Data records
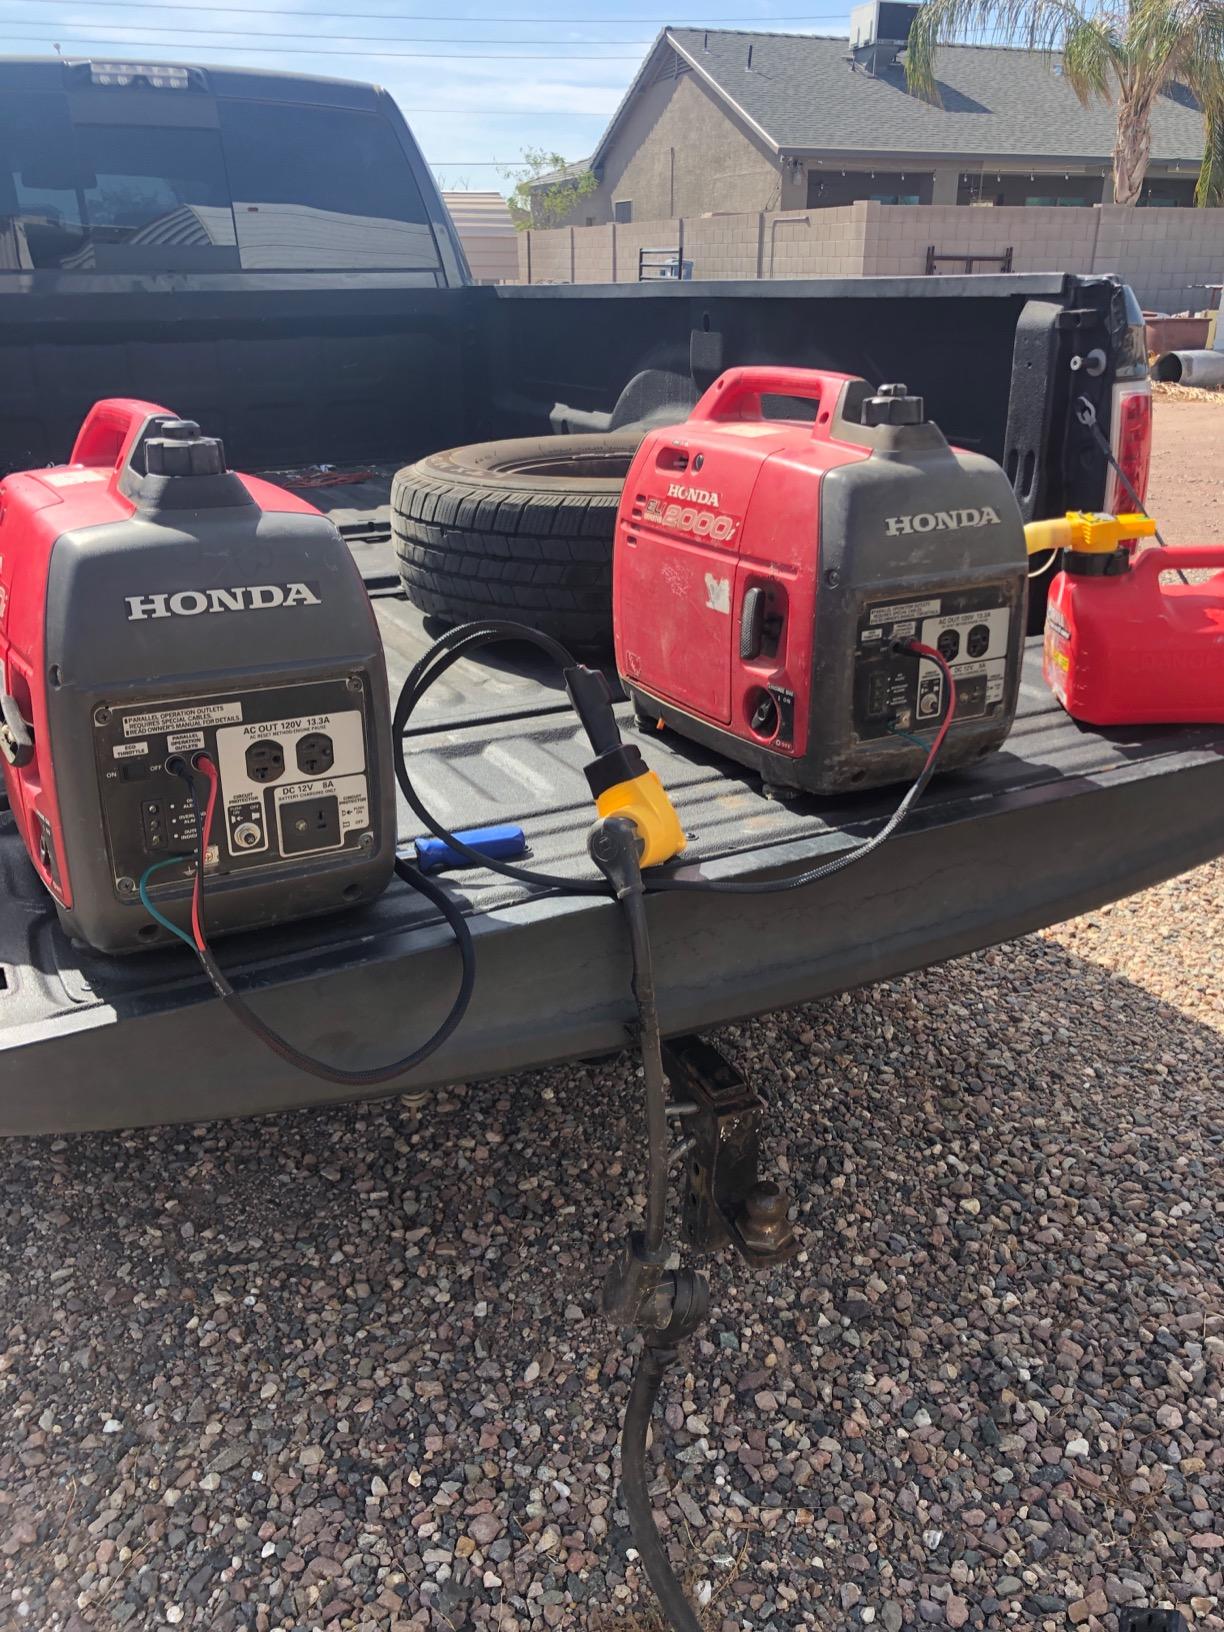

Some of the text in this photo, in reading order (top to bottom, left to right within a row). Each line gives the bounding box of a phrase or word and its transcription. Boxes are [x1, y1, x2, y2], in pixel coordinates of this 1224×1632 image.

[667, 484, 719, 507] HONDA
[885, 506, 1001, 536] HONDA
[125, 583, 321, 621] HONDA
[128, 706, 224, 723] PARALLEL OPERATION OUTLETS
[129, 721, 160, 730] REQUIRES
[161, 717, 186, 726] SPECIAL
[147, 725, 175, 733] OWNER'S
[176, 721, 202, 729] MANUAL
[215, 715, 240, 723] DETAILS
[243, 716, 330, 735] AC OUT 120V 13.3A
[171, 738, 201, 746] OPERATION
[172, 733, 198, 741] PARALLEL
[175, 743, 199, 751] OUTLETS
[282, 780, 334, 795] DC 12V 8A

| TASK INSTRUCTIONS |
Without any pictures, please reproduce the full set of entries.

| ANSWER FOR THE TASK |
Some of the text in this photo, in reading order (top to bottom, left to right within a row). Each line gives the bounding box of a phrase or word and its transcription. Boxes are [x1, y1, x2, y2], in pixel coordinates of this 1224×1632 image.

[667, 484, 719, 507] HONDA
[885, 506, 1001, 536] HONDA
[125, 583, 321, 621] HONDA
[128, 706, 224, 723] PARALLEL OPERATION OUTLETS
[129, 721, 160, 730] REQUIRES
[161, 717, 186, 726] SPECIAL
[147, 725, 175, 733] OWNER'S
[176, 721, 202, 729] MANUAL
[215, 715, 240, 723] DETAILS
[243, 716, 330, 735] AC OUT 120V 13.3A
[171, 738, 201, 746] OPERATION
[172, 733, 198, 741] PARALLEL
[175, 743, 199, 751] OUTLETS
[282, 780, 334, 795] DC 12V 8A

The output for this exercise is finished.